In Idaho, sagebrush lizards can be found in appropriate habitat across most of the southern portion of the state.

===Short-horned lizard===
The pygmy short-horned lizard (Phrynosoma douglasii) is a small lizard that occurs in North America. Like other horned lizards, it is often wrongly called the "horned toad", but it is not a toad at all. It is a reptile, not an amphibian. In Idaho, the pygmy short-horned lizard can be found predominately in southern Idaho, with historic records in northwestern Idaho as well (Nussbaum et al. 1983).

===Desert horned lizard===
The desert horned lizard (Phrynosoma platyrhinos) is a species of phrynosomatid lizard native to western North America. They are often referred to as "horned toads", although they are not toads, but lizards. They typically range from southern Idaho in the north to northern Mexico in the south. There are considered to be two subspecies: the northern desert horned lizard (Phrynosoma platyrhinos platyrhinos) ranging in Idaho, Wyoming, Utah, Nevada, the Colorado front range, and parts of southeastern Oregon; and the southern desert horned lizard (Phrynosoma platyrhinos calidiarum) ranging in southern Utah and Nevada to southeast California, western Arizona, and northern Baja California. In Idaho, desert horned lizards are restricted found only in the southwestern portion of the state.

===Western skink===
The western skink (Plestiodon skiltonianus) is a small, smooth-scaled lizard with relatively small limbs, measuring about 100 to 200 mm long. Western skinks are very adaptable. They spend much of their day basking in the sun. Their diet ranges widely, including spiders and beetles. Western skinks will bite if grasped and will flee if they feel threatened. It is a common but secretive species whose range extends throughout Washington, Oregon, Nevada, Utah, and Wyoming and into western Montana and northern Arizona.
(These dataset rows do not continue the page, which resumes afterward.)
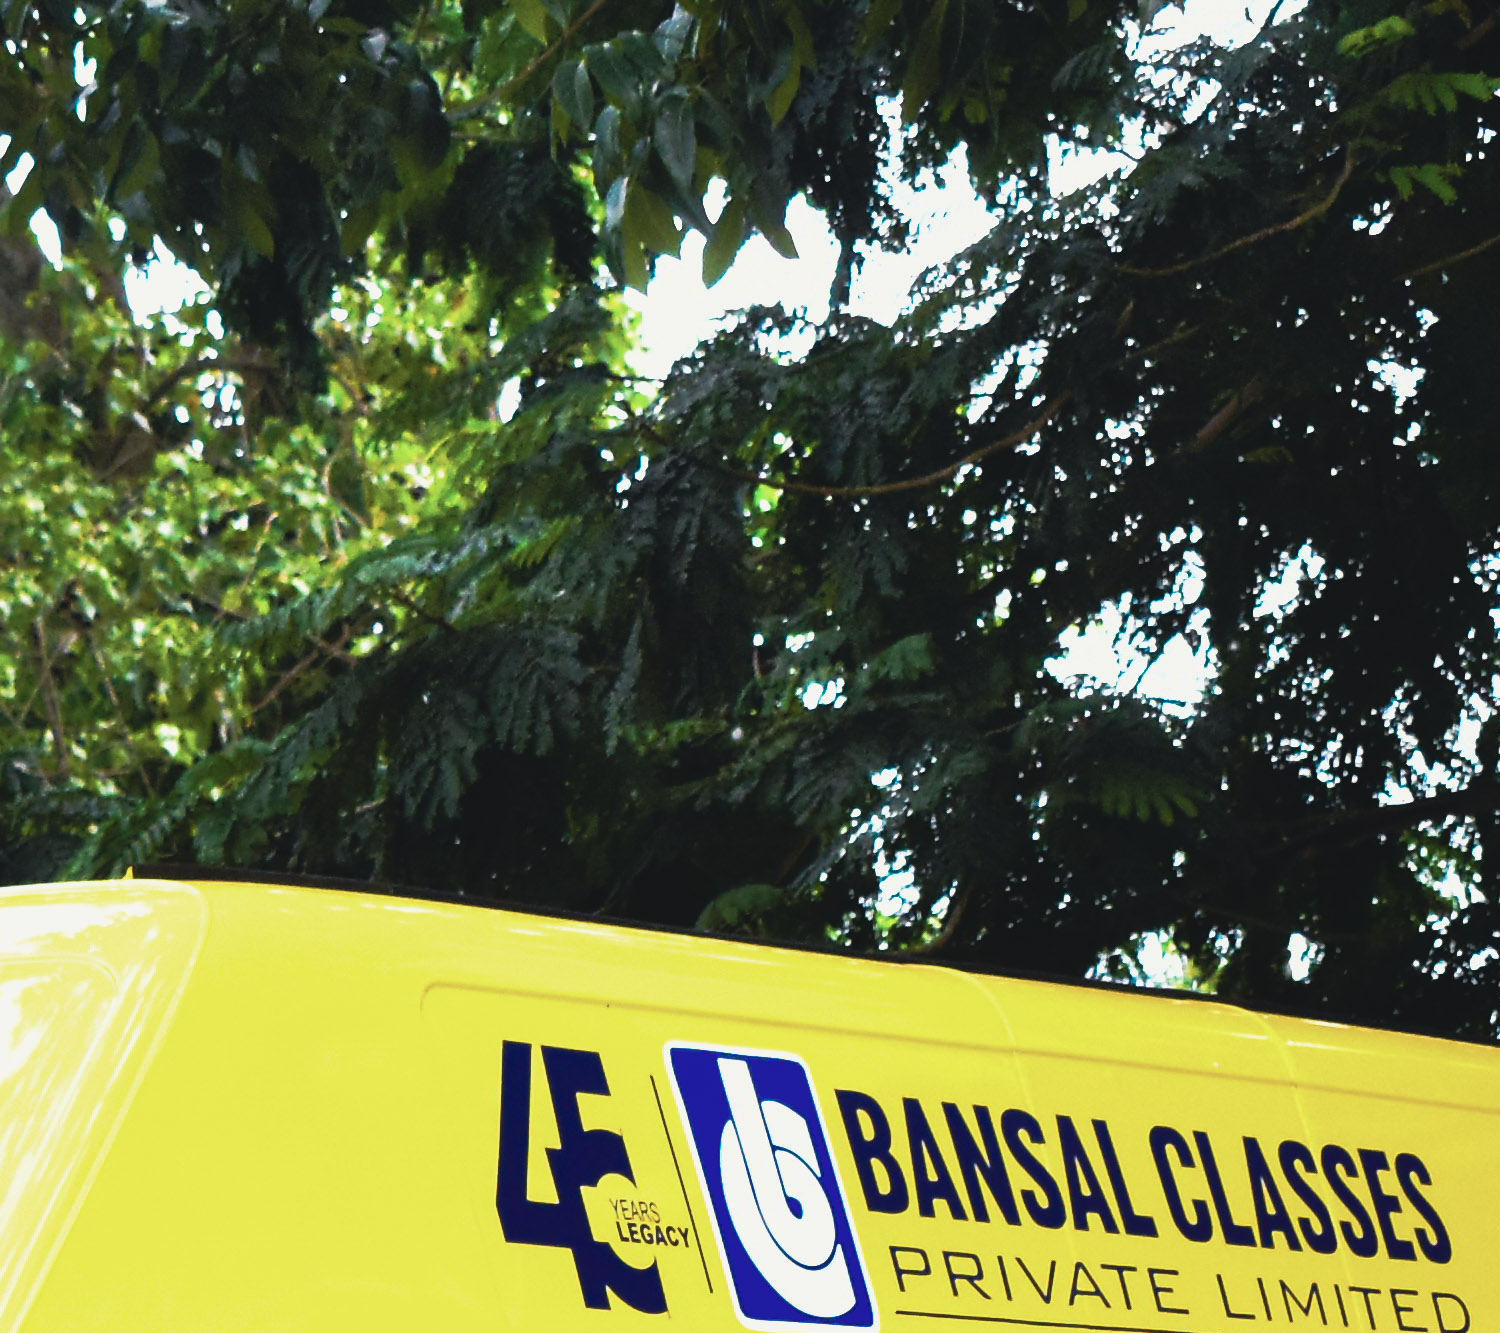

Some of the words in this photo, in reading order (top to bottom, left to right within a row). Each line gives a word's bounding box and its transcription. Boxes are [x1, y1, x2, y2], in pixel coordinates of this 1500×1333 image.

[834, 1088, 1159, 1238] BANSAL
[1149, 1125, 1453, 1264] CLASSES
[610, 1199, 660, 1224] YEARS
[616, 1221, 689, 1248] LEGACY
[889, 1246, 1190, 1315] PRIVATE
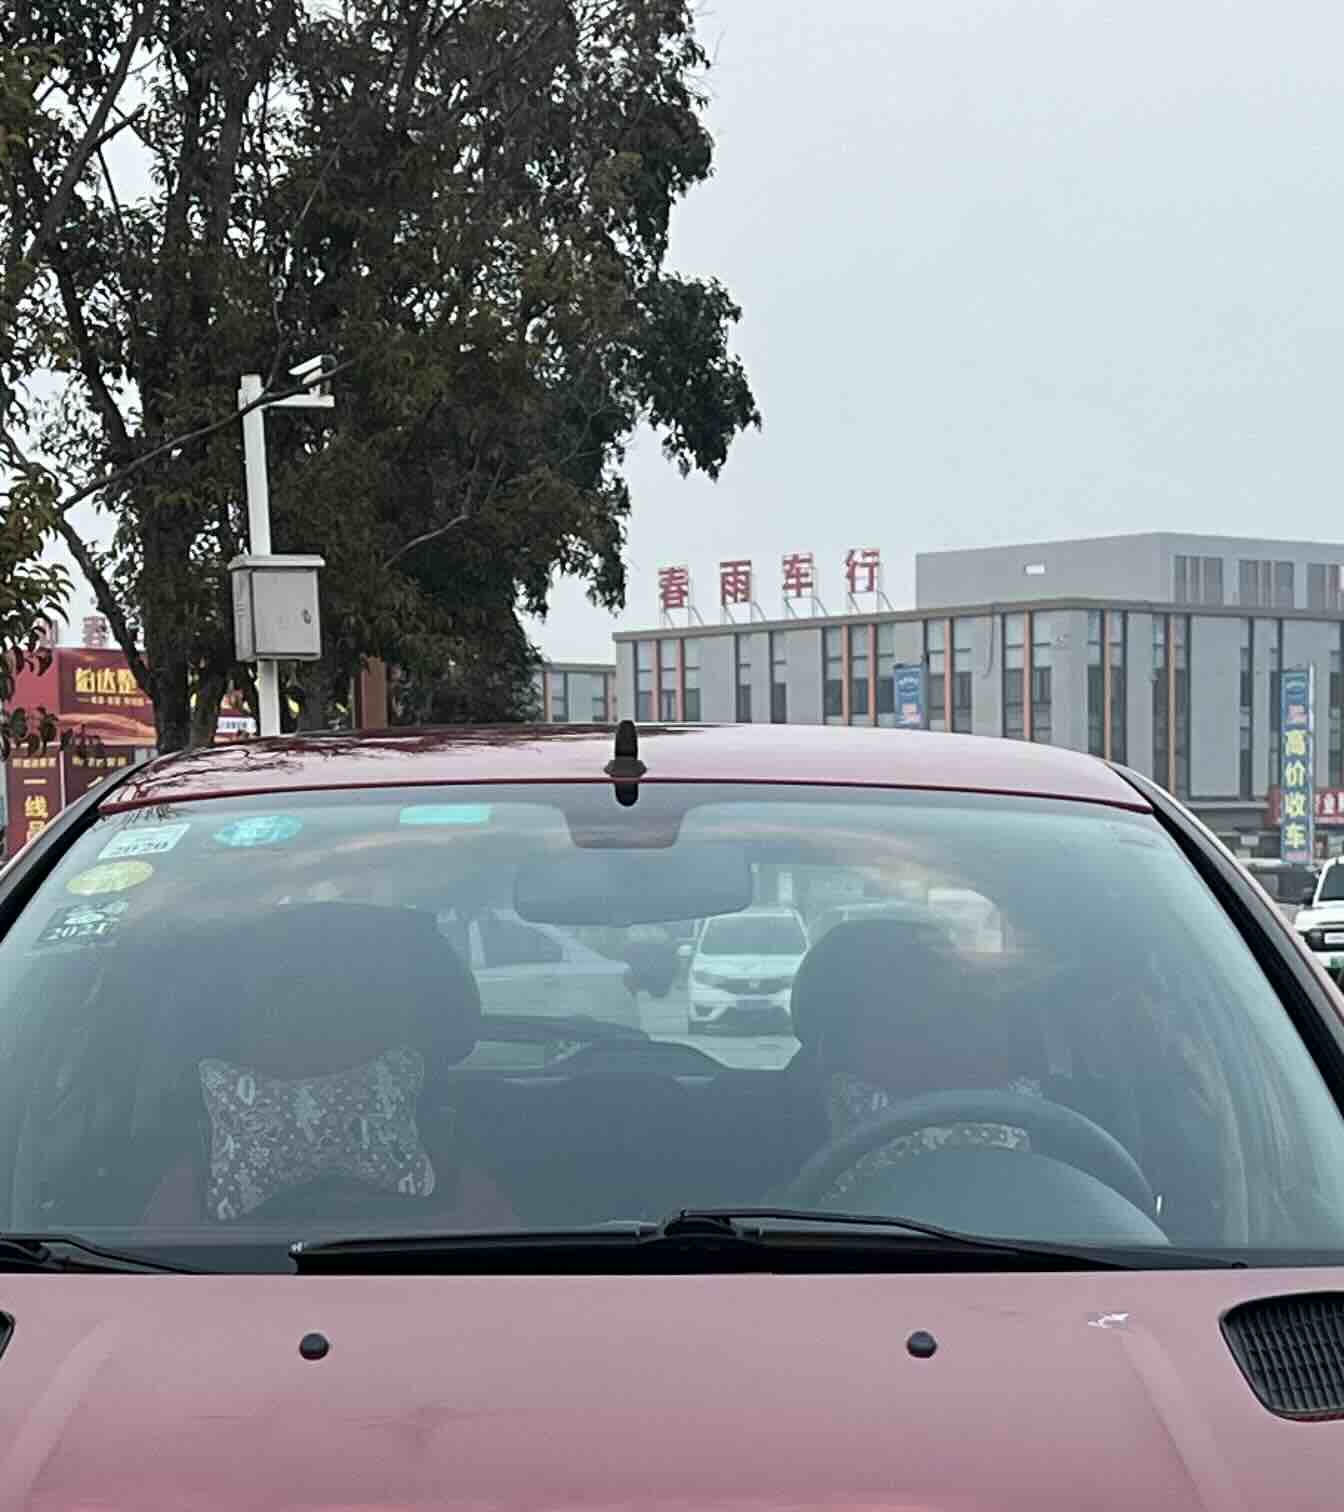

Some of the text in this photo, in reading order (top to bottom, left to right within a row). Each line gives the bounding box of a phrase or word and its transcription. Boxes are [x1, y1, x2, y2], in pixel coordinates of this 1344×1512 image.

[657, 547, 881, 610] 春雨车行
[1284, 729, 1306, 849] 高价收车
It is widespread in northern California but restricted to the coast in central and southern California. Found in a variety of habitats, this lizard is most common in early successional stages or open areas of late successional stages. Heavy brush and densely forested areas are generally avoided. Western skinks are found from sea level to at least 2,130 m. This diurnal reptile is active during the warm seasons.
In Idaho, western skinks are found across much of the state, with the exception of the southwestern corner, and the southeastern edge of the state.

===Western fence lizard===
The western fence lizard (Sceloporus occidentalis) is a common lizard of California and the surrounding area. Because the ventral abdomen of an adult is characteristically blue, it is also known as the blue-belly. Immature western fence lizards have aquamarine-colored bellies. It is a member of the genus Sceloporus, and therefore is a spiny lizard. Although California is the heart of the range of this lizard, it is also found in eastern and southwest Oregon, as well as in the Columbia River Gorge, southwest Idaho, Nevada, western Utah, and northwestern Baja California, and some of the islands off the coast of both California and Baja California. The western fence lizard occupies a variety of habitats. It is found in grassland, broken chaparral, sagebrush, woodland, coniferous forest, and farmland, and occupies elevations from sea level to 10,800 ft. They generally avoid the harsh desert. In Idaho, western fence lizards are found across the lower, western half of the state.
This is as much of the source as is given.